With respect to the first certified question, the defendant claims that the plain language of § 53a–151 (a) does not proscribe attempts to prevent a witness from speaking to the police. Statements to the police fall outside the scope of the statute, according to the defendant, because the terms “testimony” and “testify” in § 53a–151(a) include only statements made in an official proceeding. The defendant also relies on the omission of the words “investigation,” “inform,” and “informant” from § 53a–151 (a), when these terms appear in the Model Penal Code witness tampering provision from which § 53a–151 (a) was adapted. See 2 A.L .I., Model Penal Code and Commentaries (1980) § 241.6(1), pp. 162–63. Finally, the defendant contends that the evidence in the present case was insufficient to support the jury's verdict with respect to the witness tampering charge because there was no evidence that the defendant (1) believed that an official proceeding was about to be instituted, and (2) intended to induce Quinn not to testify. The state responds that the defendant's interpretation of § 53a–151 (a) is too limited and that the words “witness,” “testify,” and “testimony” can include attempts to prevent an individual from speaking to the police in certain circumstances. Therefore, the state argues that the evidence in the present case was sufficient to establish that the defendant tampered with a witness.

We conclude that, consistent with our decision in State v. Cavallo, supra, 200 Conn. at 664, a jury may consider a defendant's attempt to prevent an individual from giving a statement to the police as evidence of his intent to influence the testimony of that individual at a future official proceeding. This conclusion is limited, of course, by the statutory requirements that (1) the defendant believe an official proceeding has been or is about to be instituted, and (2) the individual probably will be called to testify at that proceeding. In viewing the evidence in the light most favorable to sustaining the verdict, we conclude that the jury in the present case reasonably could have found that the defendant believed an official proceeding was about to be instituted and that the defendant intended to induce Quinn not to testify or to withhold testimony at that proceeding. Accordingly, we affirm the judgment of the Appellate Court.

I

We begin with the first certified question, which requires us to determine whether attempts to prevent individuals from speaking with the police fall within the scope of § 53a–151(a). The defendant contends that § 53a–151(a) does not include such attempts but, rather, applies only when the defendant directly acts to influence a witness' testimony in an official proceeding. Although we agree that the defendant must intend to affect the witness' conduct in an official proceeding, this court previously has determined that a jury may infer this intent from a defendant's attempt to prevent an individual from speaking to the police in certain circumstances. See id., at 673–74. Accordingly, we conclude that the jury may consider such actions as evidence of the defendant's intent to influence the future testimony of a witness at an official proceeding.

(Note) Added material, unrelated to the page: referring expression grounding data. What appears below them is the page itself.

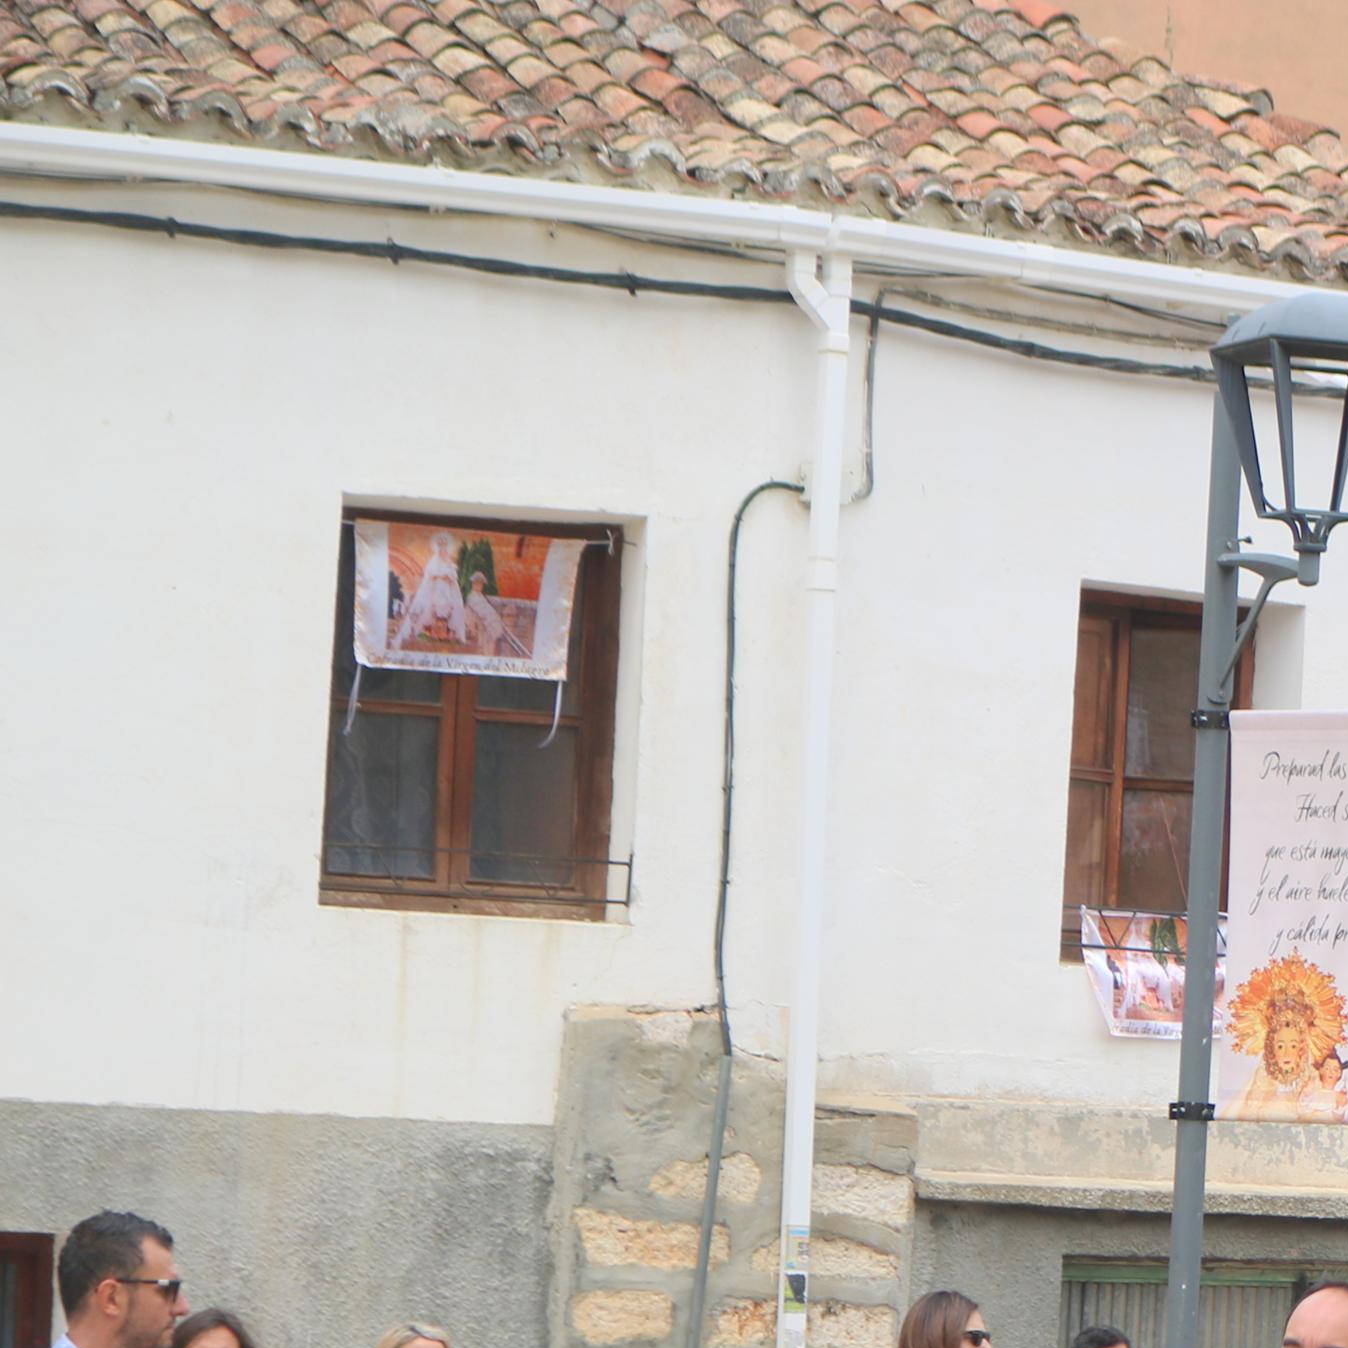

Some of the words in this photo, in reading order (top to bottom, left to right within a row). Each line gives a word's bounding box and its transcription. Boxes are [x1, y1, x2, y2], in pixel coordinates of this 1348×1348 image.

[1259, 750, 1330, 784] Preparad
[1329, 754, 1347, 780] las
[1295, 790, 1344, 822] Haced
[1260, 845, 1286, 885] que
[1249, 884, 1264, 915] y
[1267, 874, 1289, 901] el
[1285, 881, 1312, 901] aire
[1270, 930, 1284, 955] y
[1286, 914, 1331, 942] cálida

The present case requires us to interpret § 53a–151 (a). “When construing a statute, [o]ur fundamental objective is to ascertain and give effect to the apparent intent of the legislature․ In other words, we seek to determine, in a reasoned manner, the meaning of the statutory language as applied to the facts of [the] case, including the question of whether the language actually does apply․ In seeking to determine that meaning, General Statutes § 1–2z directs us first to consider the text of the statute itself and its relationship to other statutes. If, after examining such text and considering such relationship, the meaning of such text is plain and unambiguous and does not yield absurd or unworkable results, extratextual evidence of the meaning of the statute shall not be considered․ When a statute is not plain and unambiguous, we also look for interpretive guidance to the legislative history and circumstances surrounding its enactment, to the legislative policy it was designed to implement, and to its relationship to existing legislation and common law principles governing the same general subject matter․” (Internal quotation marks omitted.) State v. Jenkins, 288 Conn. 610, 620, 954 A.2d 806 (2008).

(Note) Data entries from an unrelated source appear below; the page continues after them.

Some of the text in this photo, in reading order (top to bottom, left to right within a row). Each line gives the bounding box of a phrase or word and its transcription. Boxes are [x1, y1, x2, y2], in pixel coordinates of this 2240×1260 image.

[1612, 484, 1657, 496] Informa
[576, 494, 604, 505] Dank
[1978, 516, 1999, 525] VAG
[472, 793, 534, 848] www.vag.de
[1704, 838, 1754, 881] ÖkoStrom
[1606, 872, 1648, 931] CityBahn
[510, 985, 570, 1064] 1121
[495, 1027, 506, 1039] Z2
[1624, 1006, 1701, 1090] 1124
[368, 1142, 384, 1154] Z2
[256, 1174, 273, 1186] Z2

Section 53a–151 (a) provides: “A person is guilty of tampering with a witness if, believing that an official proceeding is pending or about to be instituted, he induces or attempts to induce a witness to testify falsely, withhold testimony, elude legal process summoning him to testify or absent himself from any official proceeding.”6 Thus, the witness tampering statute has two requirements: (1) the defendant believes that an official proceeding is pending or about to be instituted; and (2) the defendant induces or attempts to induce a witness to engage in the proscribed conduct. These requirements serve the purpose of part XI of the Connecticut Penal Code, in which § 53a–151 (a) is found, as they “punish those who interfere with the courts and our system of justice.” State v. Servello, 80 Conn.App. 313, 323, 835 A.2d 102 (2003), cert. denied, 267 Conn. 914, 841 A.2d 220 (2004).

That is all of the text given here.